If you have ever grown hardneck garlic you more than likely have had the long curly flower stalks known as “scapes” appear in the late spring or early summer. In botanical terminology a scape is a long flower stalk emerging from a root, rhizome, or a bulb. Although they do not produce flowers, the scapes of hardneck garlic are the reproductive structure of the garlic plant. Although most types of garlic will produce a stem, it is only the hardneck types that will produce a true scape. Garlic cultivars are not grown from seed, but from their bulbs, and have been selected to no longer produce true seeds. Thus, the garlic flowers of most cultivars are sterile but the scapes do produce “bulbils” or small garlic bulbs. These can be planted and with a few years of growing will produce full size garlic bulbs. But the best use of garlic scapes is to use them in dishes that call for a mild garlic flavor.

Garlic Scape

Garlic Scape
The Garlic Farm, West Granby, CT

I find that garlic scapes have a milder flavor than the bulbs, but just like the garlic bulb itself, the scape will vary in flavor from variety to variety. Generally if you like the bulb, you will like the scape. They can be used in stirfries, soups, pasta sauce or ground into a pesto sauce.

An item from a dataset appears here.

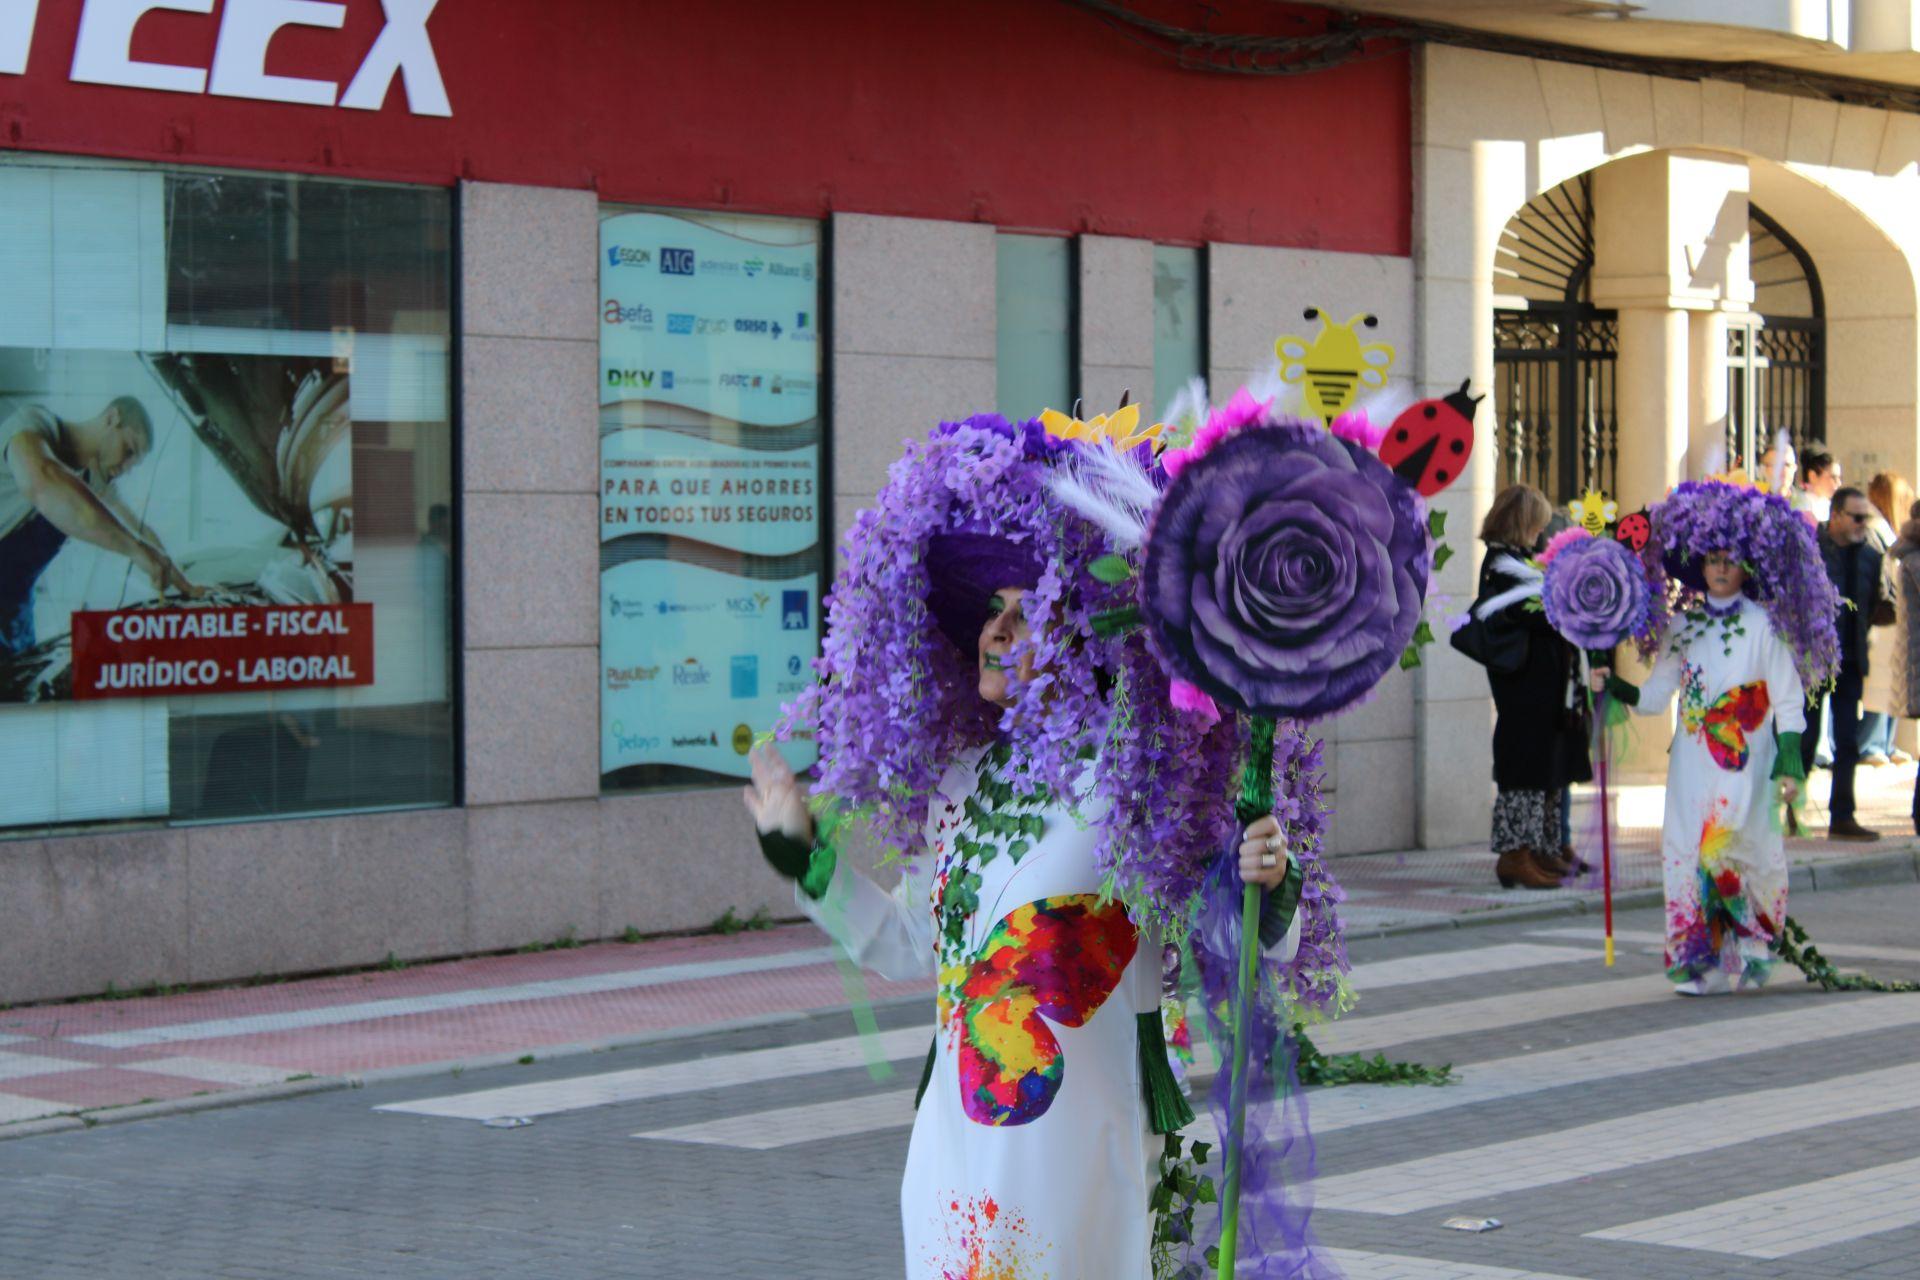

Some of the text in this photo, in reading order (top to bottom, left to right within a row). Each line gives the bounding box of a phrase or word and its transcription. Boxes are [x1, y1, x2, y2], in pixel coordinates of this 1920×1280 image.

I like to just sauté them in butter and a little olive oil. They keep in the refrigerator for a few days and can be frozen or dried. They are best picked when young and tender, within a couple of days after they first appear. After that they begin to form the bulbils and the stems become tougher.

Garlic Scapes from Smiling Frog Farm Dahinda, Illinois

Garlic Scapes from Smiling Frog Farm Dahinda, Illinois

In fact, if you do not pick the scape, some of the energy that the garlic plant would put into the production of the bulb will go to the production of the scape. This can result in smaller or less bulbs overall. If you do not grow garlic you can still find scapes at a lot of farmers markets. The season for scapes is short, and the demand is high, so you will have to be on the lookout for them.  The freshest scapes will come, of course, from garlic that you grow yourself. It is not hard to grow and with the hardneck varieties you will get more than one reward from the same plant!

Here are several garlic scape recipes:

Garlic Scape Pesto

Ingredients:

1 pound garlic scapes, cut into 2-inch pieces

1 1/4 cups grated Parmesan cheese

1 cup olive oil

1 tablespoon lemon juice

ground black pepper to taste

Directions:

Blend the garlic scapes, Parmesan cheese, olive oil, lemon juice, and pepper together in a food processor until smooth. Store in the refrigerator to use within two or three days; freeze for longer storage. Scape pesto freezes well, and it holds its green color when frozen usually even better than the traditional basil pesto.

 

Pickled Garlic Scapes

Ingredients: (For one pint)

About 15 garlic scapes

1 dried chile (optional)

1 cup cider vinegar

4 tsp. kosher salt

4 tsp. sugar

 

Directions:

Trim garlic scapes, curl them up, and place them in a pint jar with a tight fitting lid.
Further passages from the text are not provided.